• [Task details]:
Retype the data below exactly, skipping pictures.

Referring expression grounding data
--------

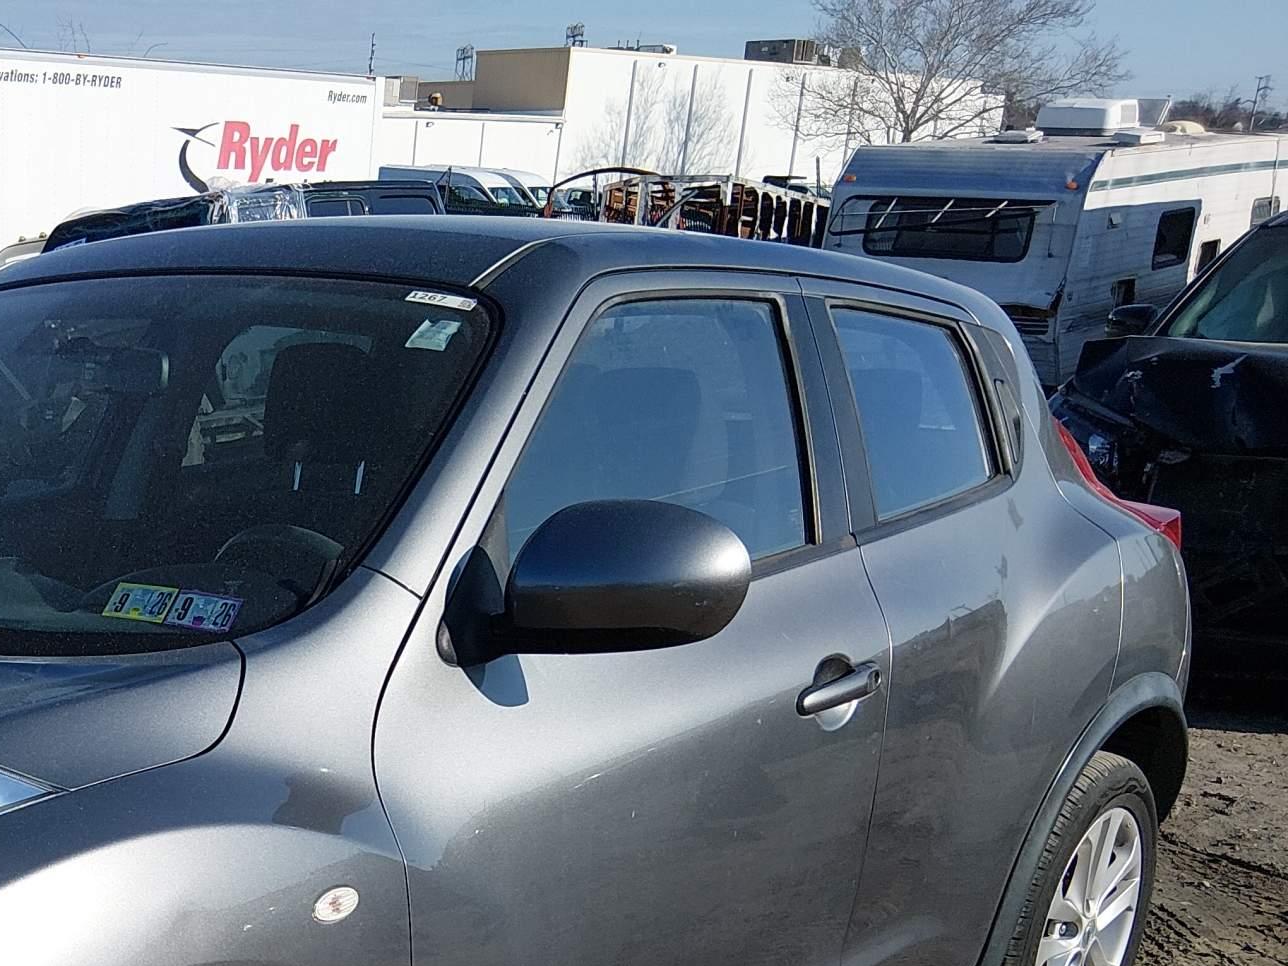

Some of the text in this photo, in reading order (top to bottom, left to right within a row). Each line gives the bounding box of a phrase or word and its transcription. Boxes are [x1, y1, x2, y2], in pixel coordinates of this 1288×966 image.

[42, 72, 122, 89] 1-800-BY-RYDER
[327, 90, 367, 104] Ryder.com
[216, 120, 338, 183] Ryder
[409, 292, 448, 302] 1267
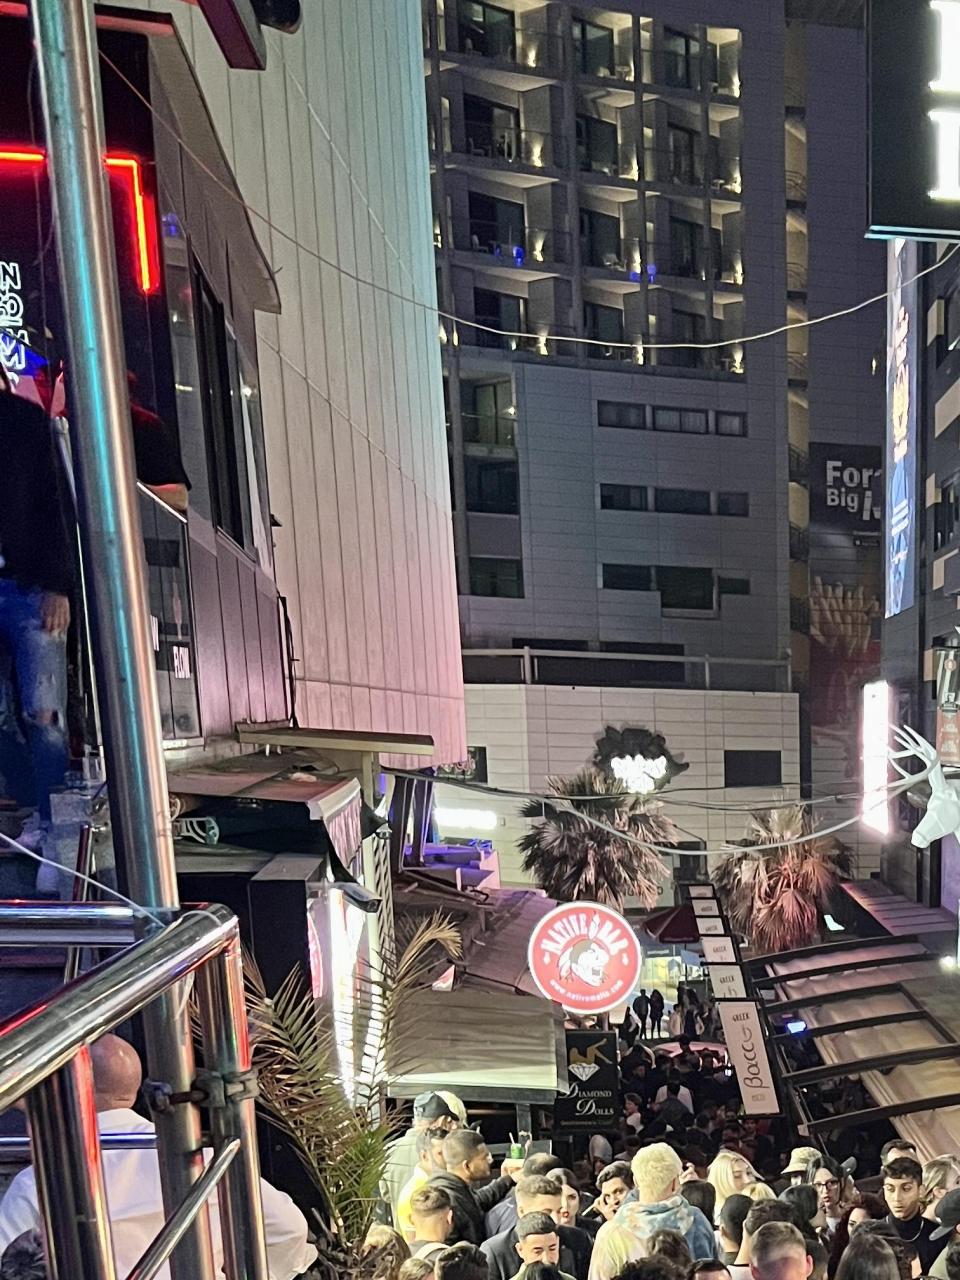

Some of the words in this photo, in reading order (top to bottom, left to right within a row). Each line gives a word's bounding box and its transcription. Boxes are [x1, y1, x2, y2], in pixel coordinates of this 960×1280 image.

[826, 487, 859, 513] Big
[540, 912, 588, 956] NATIVE
[597, 919, 629, 956] BAR
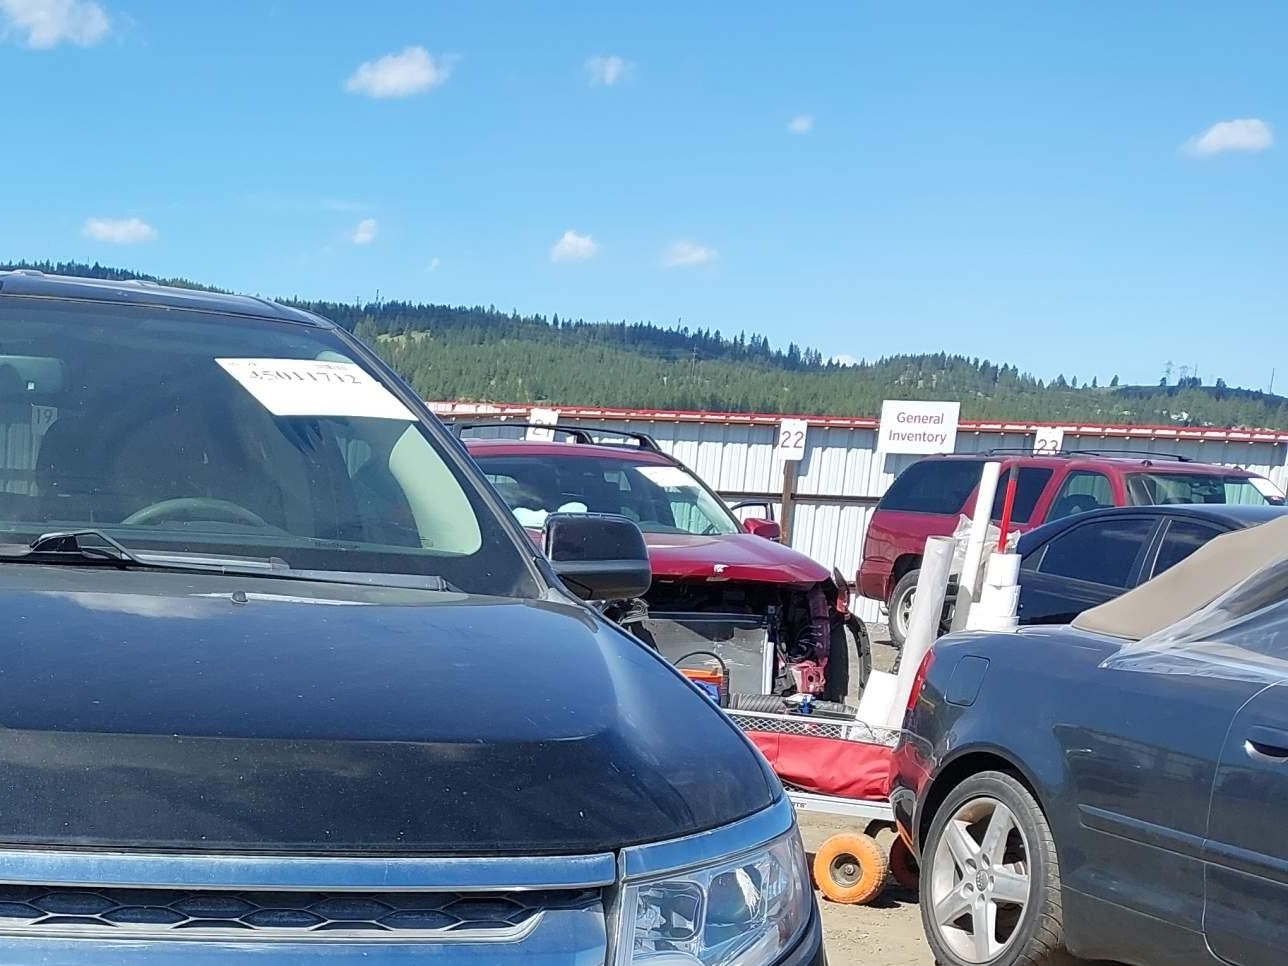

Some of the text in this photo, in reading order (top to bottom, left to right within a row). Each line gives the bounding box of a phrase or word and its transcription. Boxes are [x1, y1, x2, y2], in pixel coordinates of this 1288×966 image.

[37, 408, 52, 425] 19
[896, 411, 944, 425] General
[781, 430, 804, 448] 22
[888, 429, 948, 445] Inventory
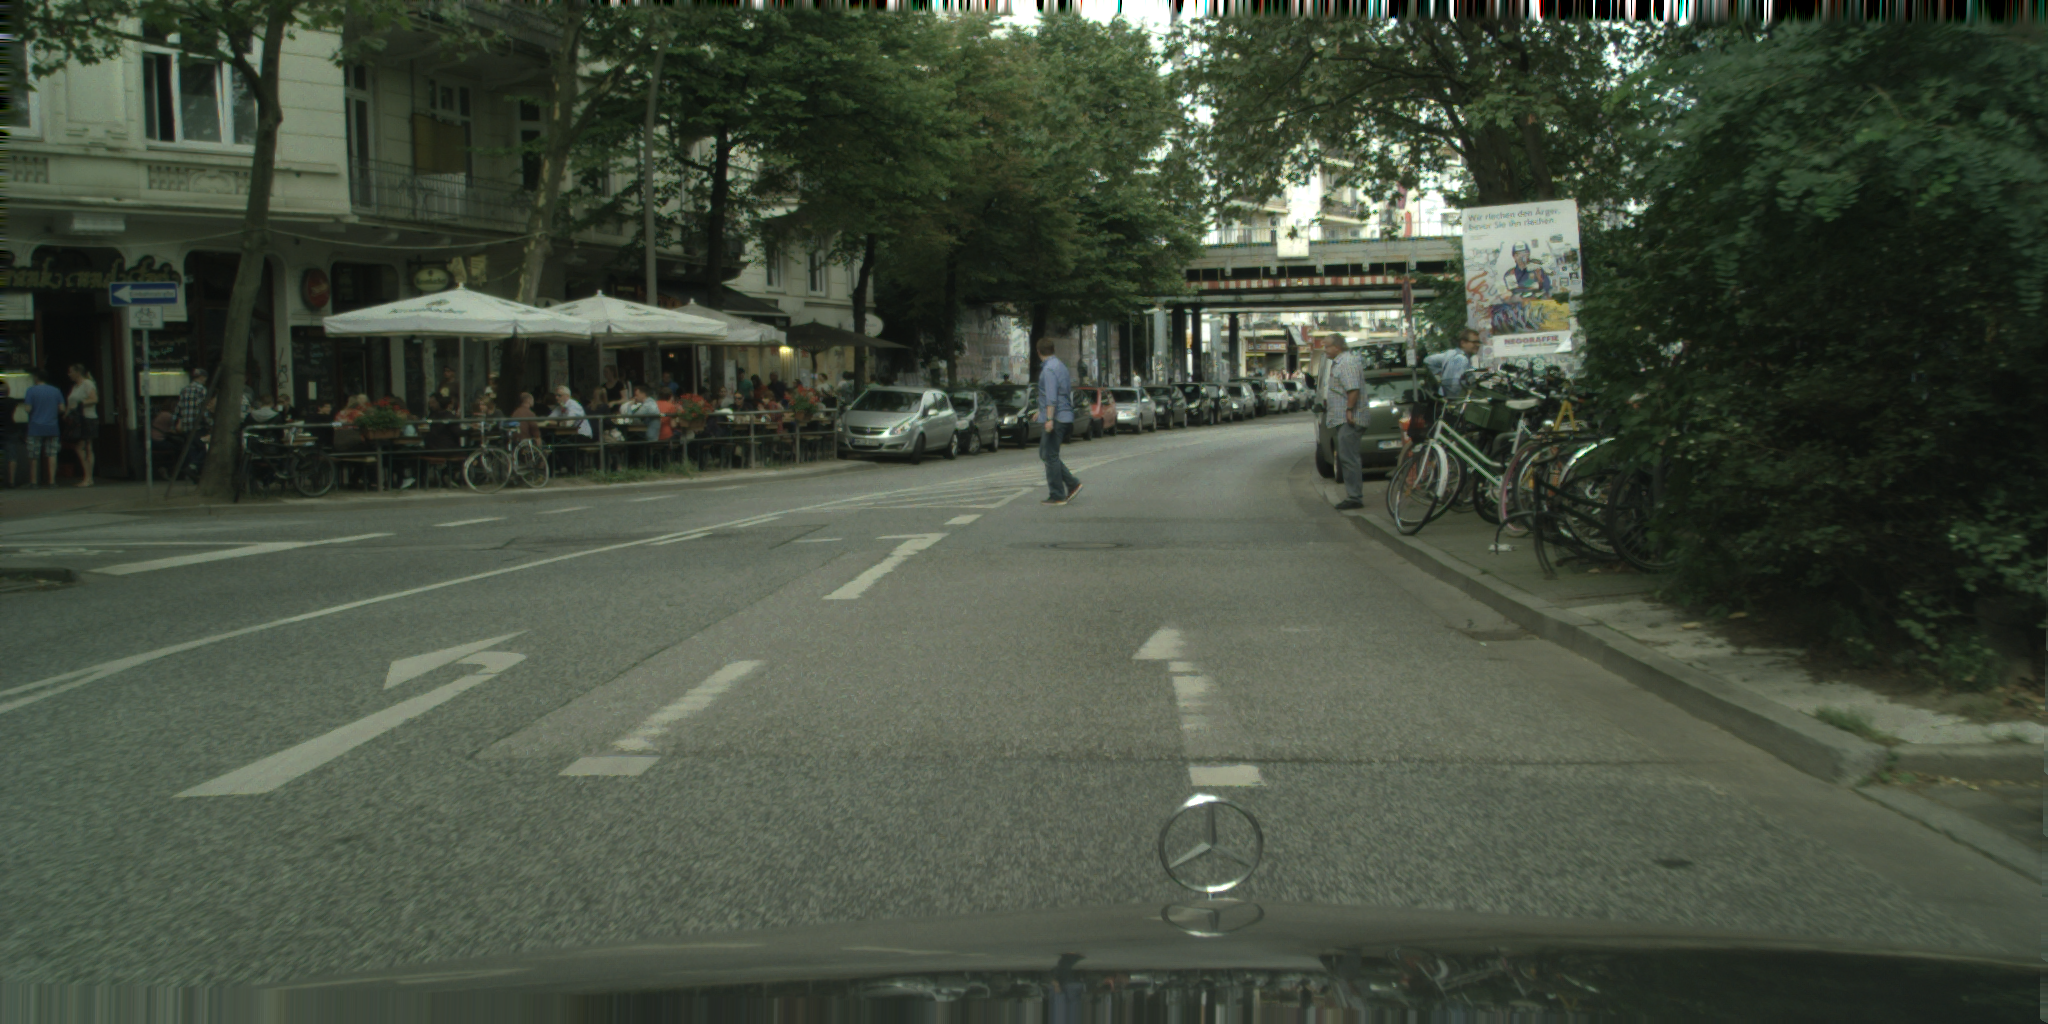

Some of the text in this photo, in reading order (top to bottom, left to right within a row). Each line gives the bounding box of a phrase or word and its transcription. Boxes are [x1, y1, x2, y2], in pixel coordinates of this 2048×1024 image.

[1467, 213, 1483, 222] Wir
[1485, 211, 1516, 220] riechen
[1517, 209, 1533, 218] den
[1494, 220, 1507, 229] Sie
[1508, 219, 1522, 228] ihn
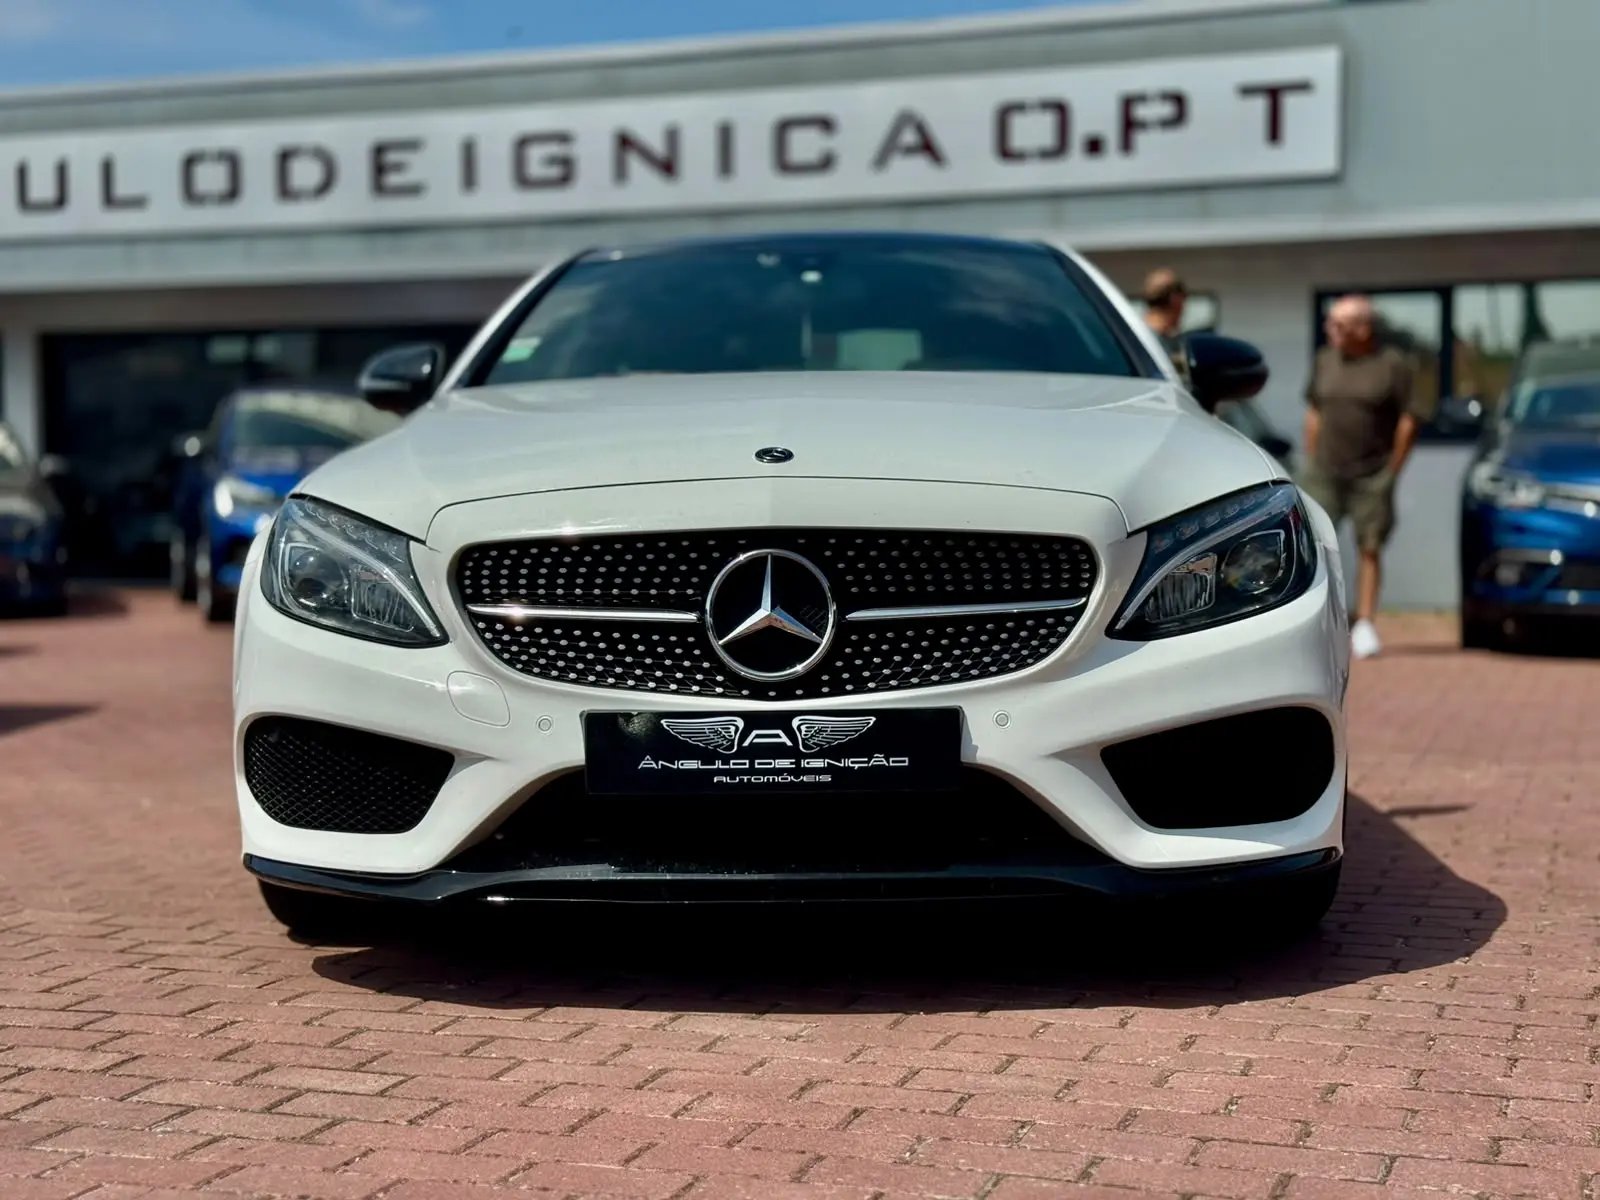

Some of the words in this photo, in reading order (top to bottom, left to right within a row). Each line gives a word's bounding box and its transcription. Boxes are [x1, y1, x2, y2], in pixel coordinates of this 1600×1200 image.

[638, 755, 749, 769] ÂNGULO
[754, 759, 796, 769] DE
[801, 753, 909, 770] IGNIÇÃO
[713, 772, 832, 783] AUTOMÓVEIS

--------

• [Output of the task]:
Some of the text in this photo, in reading order (top to bottom, left to right within a row). Each line gives the bounding box of a phrase or word and its transcription. Boxes are [x1, y1, x2, y2], in pixel coordinates of this 1288×966 image.

[42, 72, 122, 89] 1-800-BY-RYDER
[327, 90, 367, 104] Ryder.com
[216, 120, 338, 183] Ryder
[409, 292, 448, 302] 1267

Some of the words in this photo, in reading order (top to bottom, left to right within a row). Each line gives a word's bounding box and its transcription. Boxes are [x1, y1, x2, y2], in pixel coordinates of this 960×1280 image.

[826, 487, 859, 513] Big
[540, 912, 588, 956] NATIVE
[597, 919, 629, 956] BAR

Some of the text in this photo, in reading order (top to bottom, left to right within a row). Each line gives the bounding box of a phrase or word and its transcription. Boxes are [x1, y1, x2, y2], in pixel coordinates of this 1288×966 image.

[37, 408, 52, 425] 19
[896, 411, 944, 425] General
[781, 430, 804, 448] 22
[888, 429, 948, 445] Inventory

Some of the text in this photo, in reading order (top to bottom, left to right within a row). Each line gives the bounding box of a phrase or word and its transcription. Boxes are [x1, y1, x2, y2], in pixel coordinates of this 2048×1024 image.

[1467, 213, 1483, 222] Wir
[1485, 211, 1516, 220] riechen
[1517, 209, 1533, 218] den
[1494, 220, 1507, 229] Sie
[1508, 219, 1522, 228] ihn

Some of the words in this photo, in reading order (top to bottom, left to right within a row). Each line gives a word's bounding box and its transcription. Boxes are [x1, y1, x2, y2], in pixel coordinates of this 1600×1200 image.

[638, 755, 749, 769] ÂNGULO
[754, 759, 796, 769] DE
[801, 753, 909, 770] IGNIÇÃO
[713, 772, 832, 783] AUTOMÓVEIS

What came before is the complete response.